Thursday, September 06, 2012

Conflicted Emotions About Kosilek Case

Usually when we have a federal court case that advances trans human rights I'm so giddy with excitement about it I'm usually posting info about the fresh legal victory on the blog as fast as I get the opinion and can read it and the synopsis of it.

But in this particular case that involves trans prisoner Michelle Kosilek in Massachusetts, I like many transpeople are conflicted about it. 
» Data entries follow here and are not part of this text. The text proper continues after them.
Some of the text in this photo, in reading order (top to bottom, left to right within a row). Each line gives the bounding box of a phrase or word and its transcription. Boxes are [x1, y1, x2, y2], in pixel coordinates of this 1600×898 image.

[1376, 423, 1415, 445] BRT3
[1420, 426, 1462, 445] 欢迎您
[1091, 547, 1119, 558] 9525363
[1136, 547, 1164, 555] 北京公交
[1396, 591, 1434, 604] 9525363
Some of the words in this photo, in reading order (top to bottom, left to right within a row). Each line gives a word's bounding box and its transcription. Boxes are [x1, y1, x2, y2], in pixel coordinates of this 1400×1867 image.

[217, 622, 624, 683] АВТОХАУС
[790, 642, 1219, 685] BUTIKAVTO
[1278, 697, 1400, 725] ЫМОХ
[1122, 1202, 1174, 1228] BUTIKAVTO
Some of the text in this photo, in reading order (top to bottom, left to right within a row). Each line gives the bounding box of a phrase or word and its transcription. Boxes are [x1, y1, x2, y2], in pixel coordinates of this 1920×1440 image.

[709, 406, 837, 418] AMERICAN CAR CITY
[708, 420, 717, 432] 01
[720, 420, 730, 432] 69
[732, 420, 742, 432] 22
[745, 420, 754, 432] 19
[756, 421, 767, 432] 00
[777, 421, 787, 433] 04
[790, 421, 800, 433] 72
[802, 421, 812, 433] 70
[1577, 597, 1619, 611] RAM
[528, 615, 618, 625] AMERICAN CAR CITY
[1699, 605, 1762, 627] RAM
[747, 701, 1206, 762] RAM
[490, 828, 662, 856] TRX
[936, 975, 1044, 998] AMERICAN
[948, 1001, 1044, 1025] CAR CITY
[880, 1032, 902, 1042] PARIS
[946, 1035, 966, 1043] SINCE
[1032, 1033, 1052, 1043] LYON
Kosilek ended up in prison for while transitioning, strangling her wife Cheryl McCaul Kosilek in 1990 and leaving the body in the trunk of a car at a North Attleborough, MA  mall parking lot.   She was sentenced in 1992 by a Massachusetts court to life without parole for that crime.

While there she changed her name in 2003 and began taking hormones to facilitate her transition.  She asked for treatment of her GID issues which was denied.  Kosilek has tried to castrate herself and kill herself twice, and filed an initial lawsuit she won in 2002 in which US District Court Chief Judge Mark Wolf permitted treatment for her GID issues just short of the SRS.  

Kosilek filed the second suit in 2005 with the trial beginning in May 2006.  It resulted in Judge Wolf ordering on Tuesday Massachusetts state prison officials to provide sex-reassignment surgery for her after finding that SRS is the only adequate care for her serious gender identity disorder.  

Judge Wolf also noted that the treatment for Michelle Kosilek had been prescribed by Department of Correction doctors, and that the only justifications for denying the treatment were based on public opinion.

Wolf wrote in his opinion: “It is not permissible for prison officials to [deny treatment] just because the fact that a gender identity disorder is a major mental illness is not understood by much of the public and the required treatment for it is unpopular.”

US District Court Chief Judge Mark Wolf also noted that the treatment for Michelle Kosilek had been prescribed by Department of Correction doctors, and that the only justifications for denying the treatment were based on public opinion.  

By the way conservafools, before you start ranting about 'activist judges', Judge Wolf was a Reagan appointee 

What is making us in the trans community queasy about this ruling is that although it's a federal court legal victory recognizing that GID is a medical condition in which SRS is the treatment for it,  we're worried that this one is going to cause a little turbulence for our movement.

US Sen. Scott Brown (R-MA) who while a member of the Massachusetts Senate tried to sponsor a law to ban SRS and hormone treatments for trans prisoners in reaction to this case has already decried the decision as "a waste of tax dollars' and called for an appeal of it.

Um Scott, just an FYI moment for you, some of those tax dollars are earned and paid every April 15 by transgender residents of Massachusetts as well.  

We in the trans community are nervously aware of the individuals and groups who have no problem hating on us.  It's also easy to hate on people in prisons and believe it's a waste of taxpayer dollars to give them 'three hots and a cot', especially when that prisoner murdered someone.  

You have both morphing into the problematic visage of Michelle Kosilek.  To pour gasoline on this combustible mix of transphobic negativity, add the fact she just won a legal case to provide her with an SRS surgery that many people still regard as frivolous or cosmetic and this ruling comes down in the middle of a contentious political campaign season..  

But let me make this point crystal clear. 
No one in the trans community, myself included, is condoning what Kosilek did.   I find it particularly odious and distasteful when I'm writing posts on a monthly basis about African descended trans women being killed and the perpetrators of those trans murders have yet to be brought to justice and Kosilek took someone's life.   It's also infuriating to me that we can barely get anyone to pay attention to the fact. that young African-American transwomen are unnecessarily dying.

Gender Identity Disorder is a recognized medical condition. Under the Constitution's equal protection clause in the 14th Amendment and the cruel and unusual punishment clause in the 8th Amendment, recently backed up by the 2010 Fields vs Smith case, you cannot deny a person hormones or SRS if they are transgender especially if they were being treated for GID before incarceration.

Unlike Scott Brown's unsuccessful attempt in Massachusetts, Wisconsin in reaction to the Kosilek case in 2004 successfully enacted a law banning SRS and hormones for trans prisoners that got struck down by Fields v Smith for those constitutional violations. 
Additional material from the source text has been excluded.